This is probably a situation where government regulation would help. Without government standards, the free market will innovate with smaller seats until it becomes dangerous (cram people too tight, and people will start being a..holes — do you blame the people who are a..holes or the people who crammed them in too tight knowing this would happen?)
I’m thinking test dummies representing an American male, 1.5-2.0 standard deviations above average height and weight, and requiring that they can sit without touching their neighbor and that seats in front can recline without touching their knees.
And then our fine airlines can innovate away on new and exciting ways to cram seats in while maintaining that minimum level of personal space.
Weird, that’s not been my experience at all.
In 2012, I had “silver” status on United so I was able to select Economy Plus at checkin (i.e. 24 hours before flight time). I took about 20 flights that year and was able to get Economy Plus on every flight.
This year, I have “gold” status on United and can select Economy Plus for free at time of booking. I’ve managed to get it on every one of my flights, again around 20 flights for the year.
I’m trying to avoid sounding insufferable, but I’m just done with coach. I travel front of the plane or I don’t travel. It’s absurdly expensive, obviously, so I travel less than I might otherwise. The only exception is Jet Blue which doesn’t offer a first class but has a relatively humane coach – if you can get the exit row aisle or some other premium seat.
My wife and I both do anything we can to stay on Virgin America. Their San Francisco terminal is great – multiple Peets for coffee, actual restaurants with actual food, and tons of electrical outlets.

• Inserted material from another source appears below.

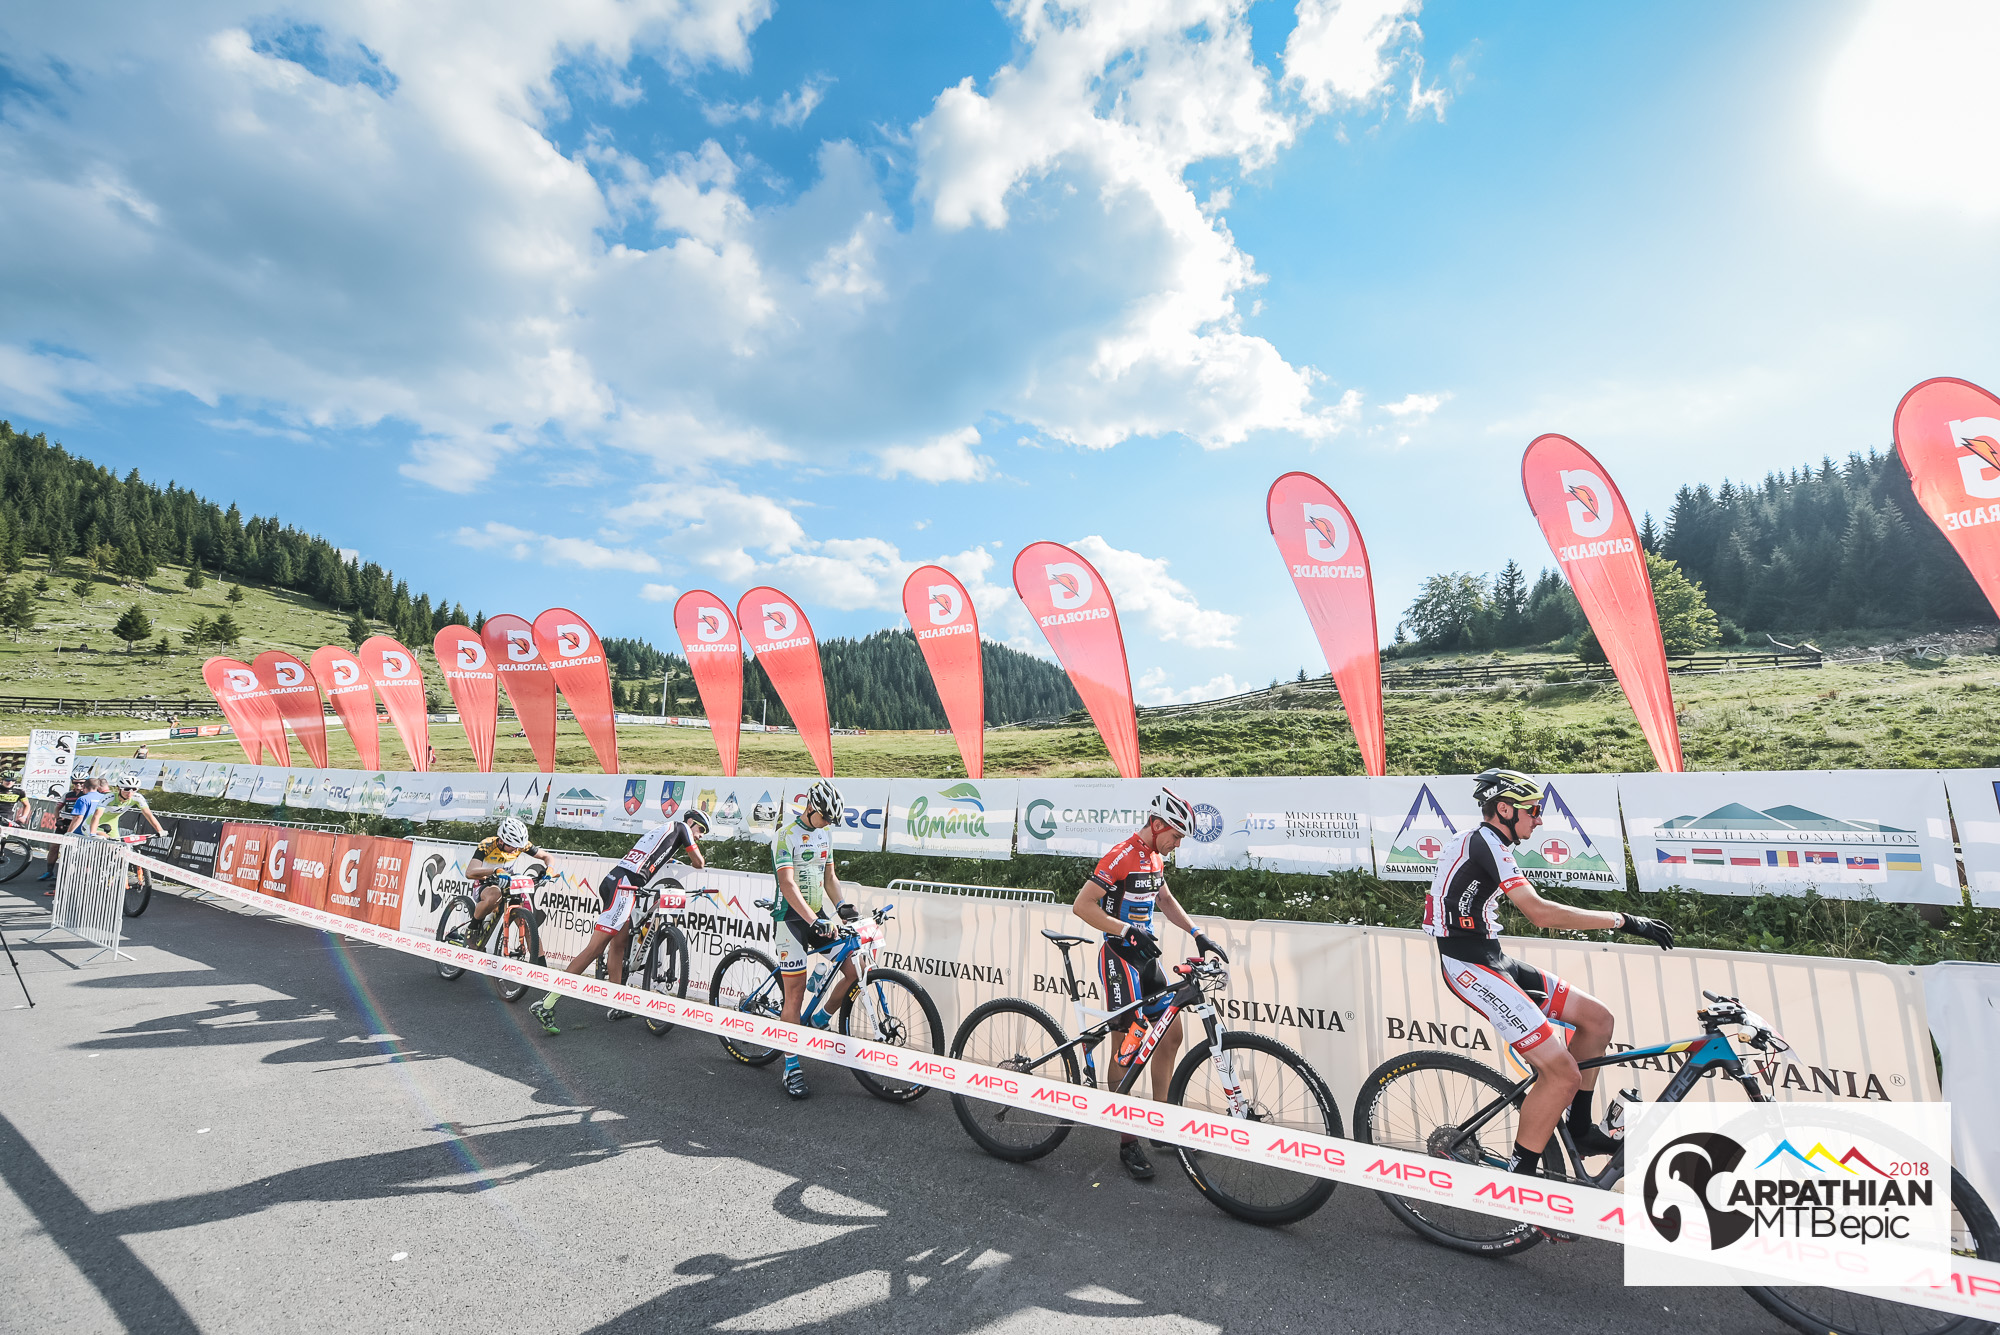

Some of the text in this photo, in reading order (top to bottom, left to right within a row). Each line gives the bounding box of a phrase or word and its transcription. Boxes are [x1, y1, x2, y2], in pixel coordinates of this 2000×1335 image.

As for the passengers, I have long advocated replacing useless high school math classes with teaching people how to get on and off a fu**ing plane in reasonable order.
Yes Michael, but you, and many others in line behind me, must wait while I try to extract my mini-fridge and portable air-conditioning unit from the overhead bin. And, no, I’m not going to wait until the line clears before I get my stuff down.
Seriously, I see this kind of stuff nearly every time I fly – many people are just selfish.
You said it. They stink on ice!
Mel. what a guy!
(1 MM on American, +4 MM on Delta. Physical miles, baby! and just transferred loyalty to United. If it’s under 8 hours, I can tolerate most anything.)
Wow, 5M is a lot of BIS miles! If we assume 500mph, that’s over a year of actual flying time.
There is one person on the FlyerTalk forums that just hit 15MM.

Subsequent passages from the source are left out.